E’ un po’ come se agli eterosessuali si chiedesse: ma invece di continuare a chiedere perché si è gay, e come è essere gay etc… ti sei mai chiesto perché tu sei etero? Pensaci, poi fammi sape’ eh.
(Personalmente credo che siano due istanze entrambe evolutivamente utili, la ricerca di novità e quella di costanza. La prima favorisce l’apprendimento di abilità nuove e quindi in ultima istanza può essere un vantaggio per la sopravvivenza dell’individuo e della specie, la seconda favorisce la permanenza in cose sperimentate e sicure e… in ultima istanza può essere un vantaggio per la sopravvivenza dell’individuo e della specie. Diverse istanze, ma non una meno dell’altra, in teoria. L’evoluzione non conserva tratti inutili.)
Poco dopo scambio due parole con l’unico altro genitore presente, dicendo “faccio un po’ fatica oggi ad ascoltare, mettono tutto in chiave così patologizzante, ogni cosa diventa un tratto problematico, anche cose che per me non lo sono”. Lei, una madre come me, mi dice che ha avuto la stessa sensazione, che anche per lei l’autismo è anche altro.

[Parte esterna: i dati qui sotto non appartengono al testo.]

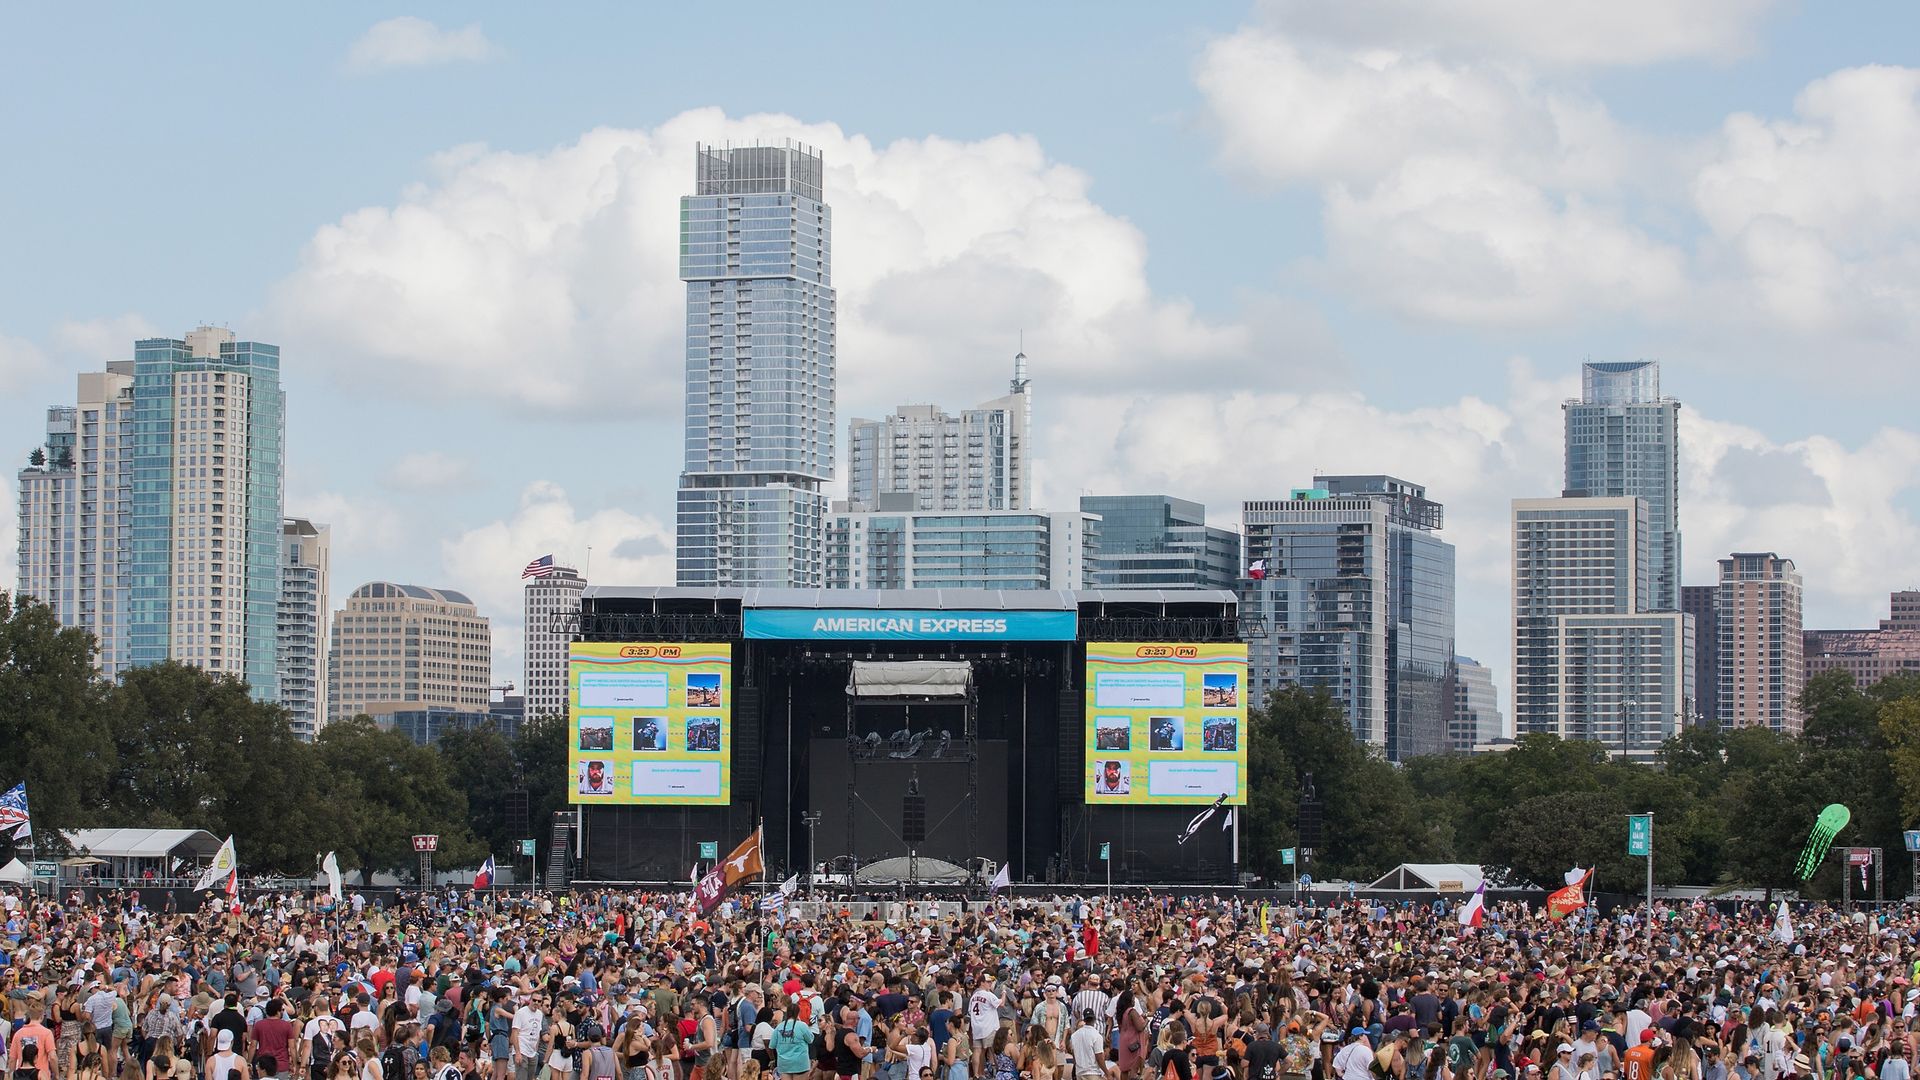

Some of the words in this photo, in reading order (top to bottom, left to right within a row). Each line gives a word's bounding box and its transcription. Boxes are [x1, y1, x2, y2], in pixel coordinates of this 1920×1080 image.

[813, 618, 914, 632] AMERICAN
[919, 618, 1007, 633] EXPRESS
[973, 1003, 980, 1016] 4
[1765, 1040, 1771, 1054] 1
[1629, 1061, 1639, 1080] 18

Ecco, è una sensazione di spaesamento, di non riconoscersi nella descrizione che fanno, in fondo, anche di me e dei miei figli, visto che siamo autistici anche noi. E non si tratta semplicemente del fatto che loro, docenti e terapisti in genere, sono abituati ad avere a che fare con forme di autismo più problematiche della nostra. E’ che vedono solo un pezzo, o che tendono a dare interpretazioni neurotipico-centrate dei fenomeni. Noi che l’autismo lo viviamo quotidianamente e da dentro, non come pazienti che vedi passare ogni giorno in ambulatorio, sì, ma per un’ora o due al massimo ogni tanto, sappiamo che l’autismo in ogni caso è vita con tante sfaccettature, e come vita quotidiana c’è dentro tutto l’umano possibile. Non solo il problema, ma anche l’allegria, il piacere. Il fare le cose perché ti piacciono, non perché devi sfuggire a qualcosa di negativo. Gli autistici godono delle cose, come i neurotipici. Di cose diverse, magari, ma il piacere, il fare le cose per piacere, esistono anche per noi. Sennò ci saremmo autoestinti da un pezzo, credetemi. Non dovete mai, MAI dimenticarlo se lavorate con persone autistiche. Altrimenti continuerete a percepirci solo o soprattutto come agglomerati di deficit e condotte patologiche, non come persone intere, con una vita degna di essere vissuta (a modo suo, che non è il vostro magari), e trasmetterete questo, anche, alle famiglie ed alle persone stesse, e no, non è utile, anzi. Vi mancherà un pezzo enorme del quadro. Oltre che uno strumento prezioso per interagire.
Ma sul serio, continuo a chiedermelo, è così difficile da concepire?